§ **Directions**: Skip the images; return every entry exactly.

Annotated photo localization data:

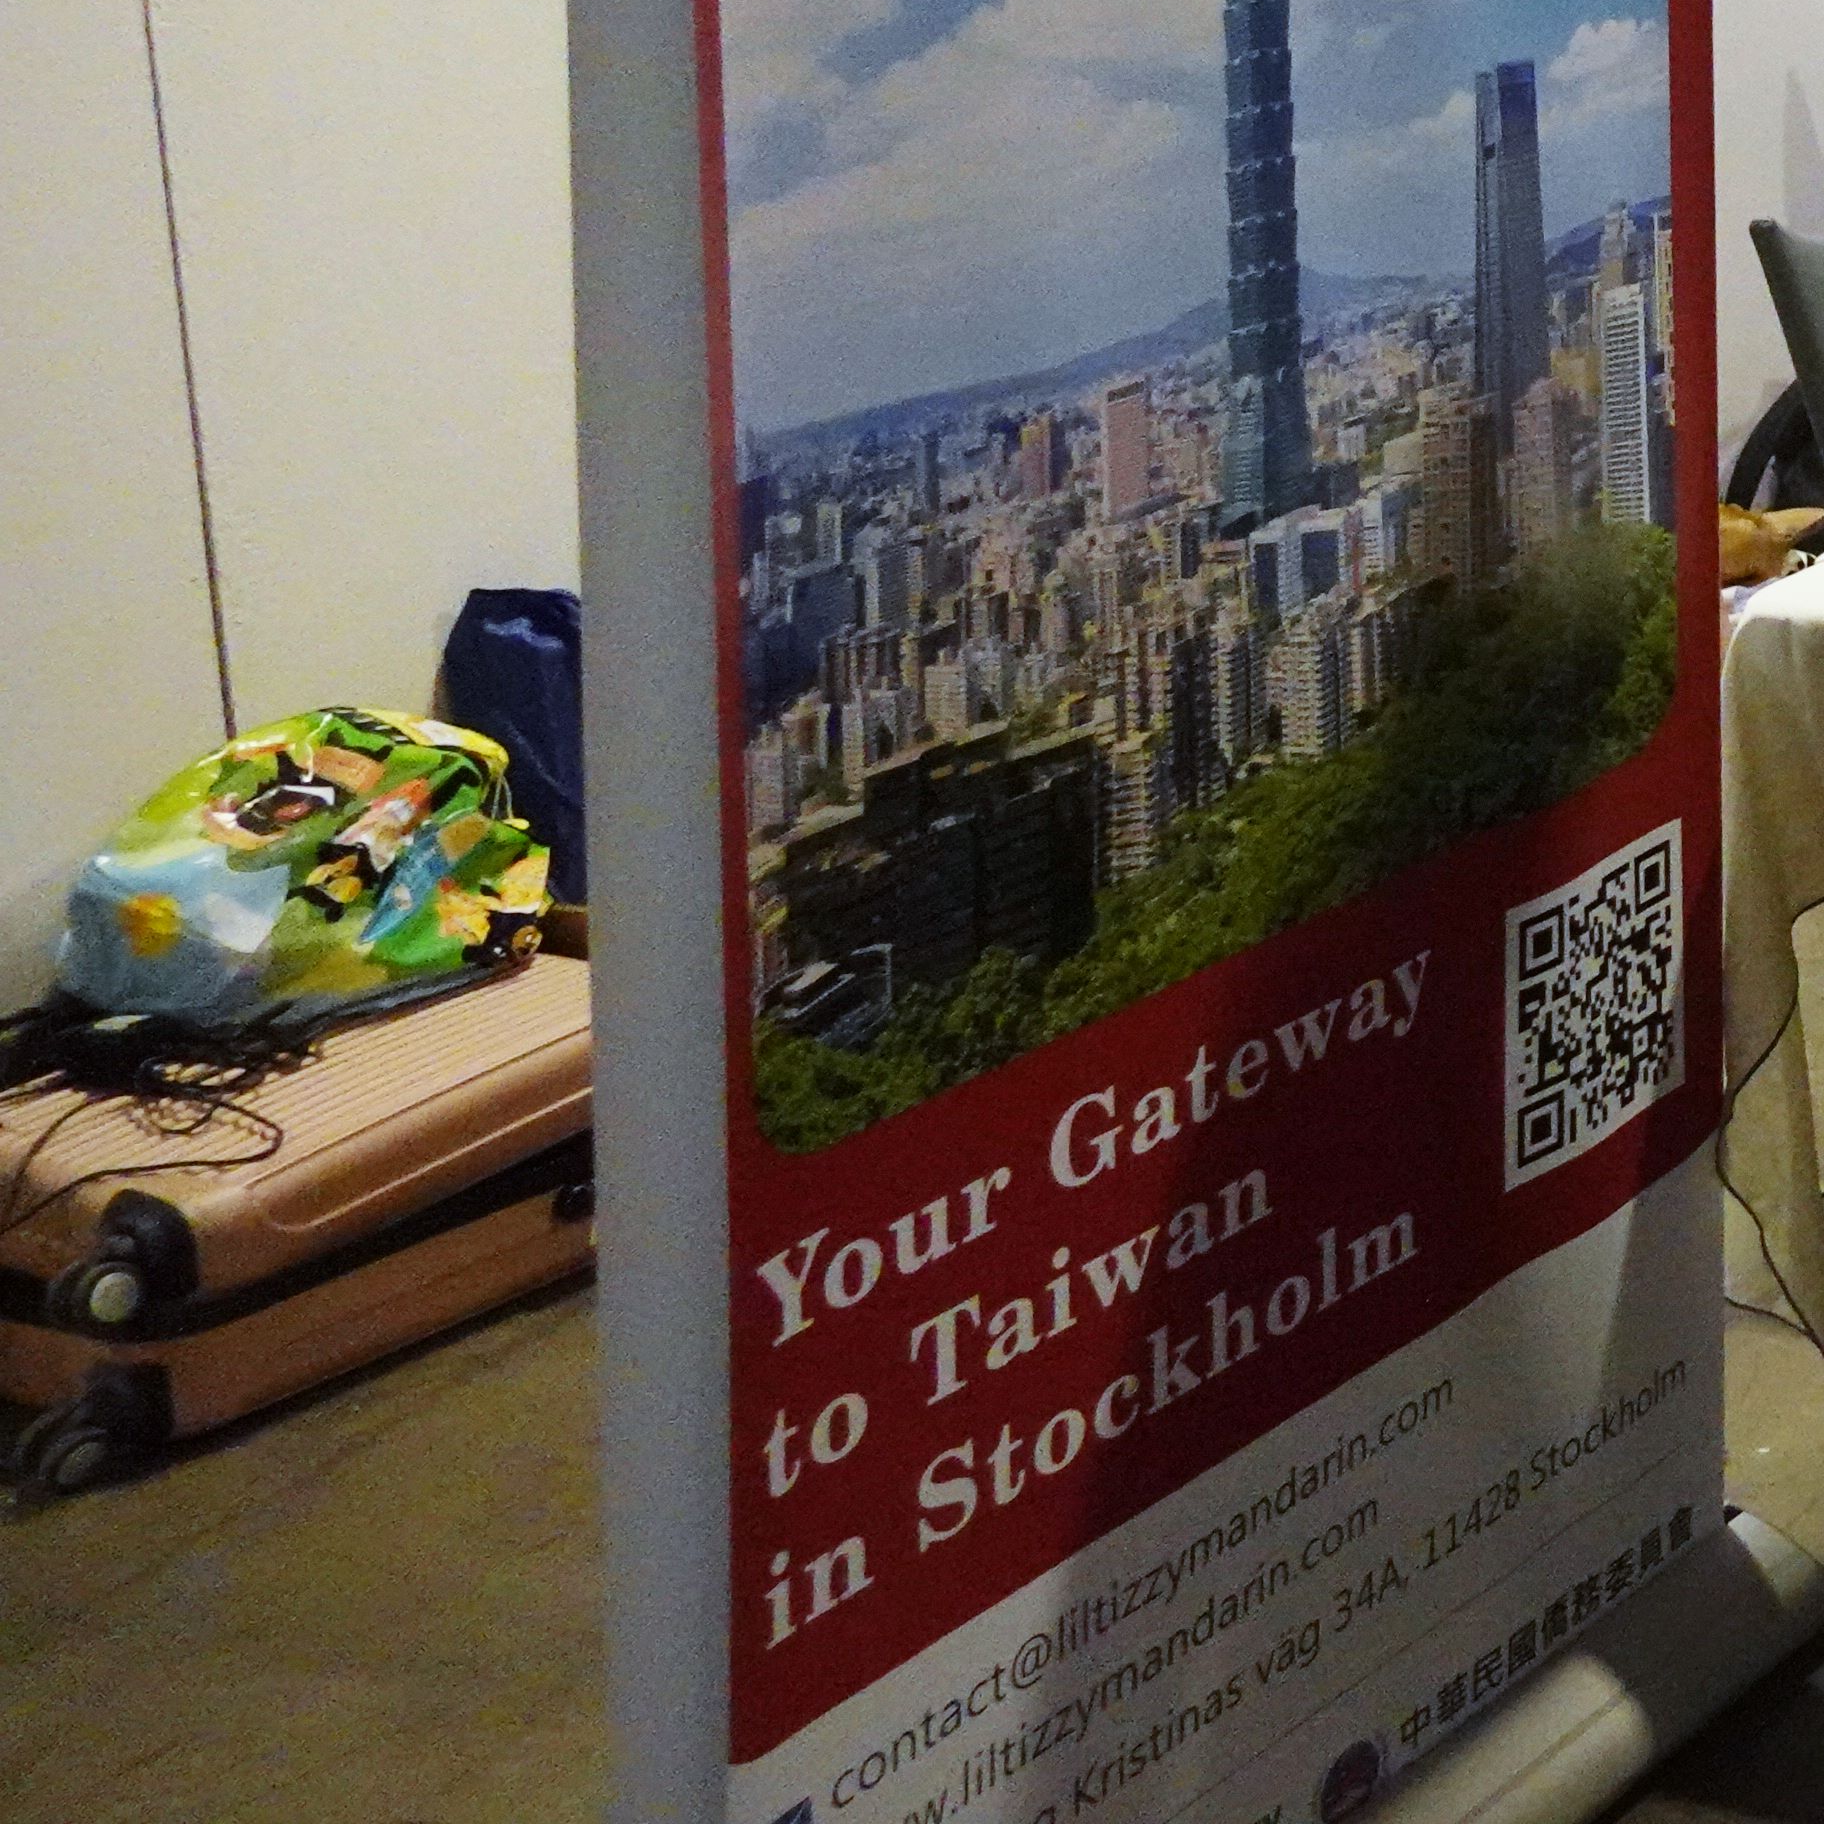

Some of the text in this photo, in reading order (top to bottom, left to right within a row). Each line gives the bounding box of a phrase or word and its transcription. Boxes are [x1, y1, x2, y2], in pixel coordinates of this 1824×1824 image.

[755, 949, 1433, 1351] Your Gateway
[763, 1166, 1274, 1498] to Taiwan
[764, 1206, 1421, 1650] in Stockholm
[831, 1376, 1454, 1808] contact@liltizzymandarin.com
[1073, 1674, 1244, 1816] Kristinas
[1256, 1617, 1321, 1684] väg
[1421, 1469, 1522, 1571] 11428
[1530, 1358, 1687, 1492] Stockholm
[1400, 1504, 1694, 1748] 中華民國僑務委員會

§ **Answer section**:
Some of the text in this photo, in reading order (top to bottom, left to right within a row). Each line gives the bounding box of a phrase or word and its transcription. Boxes are [x1, y1, x2, y2], in pixel coordinates of this 1824×1824 image.

[755, 949, 1433, 1351] Your Gateway
[763, 1166, 1274, 1498] to Taiwan
[764, 1206, 1421, 1650] in Stockholm
[831, 1376, 1454, 1808] contact@liltizzymandarin.com
[1073, 1674, 1244, 1816] Kristinas
[1256, 1617, 1321, 1684] väg
[1421, 1469, 1522, 1571] 11428
[1530, 1358, 1687, 1492] Stockholm
[1400, 1504, 1694, 1748] 中華民國僑務委員會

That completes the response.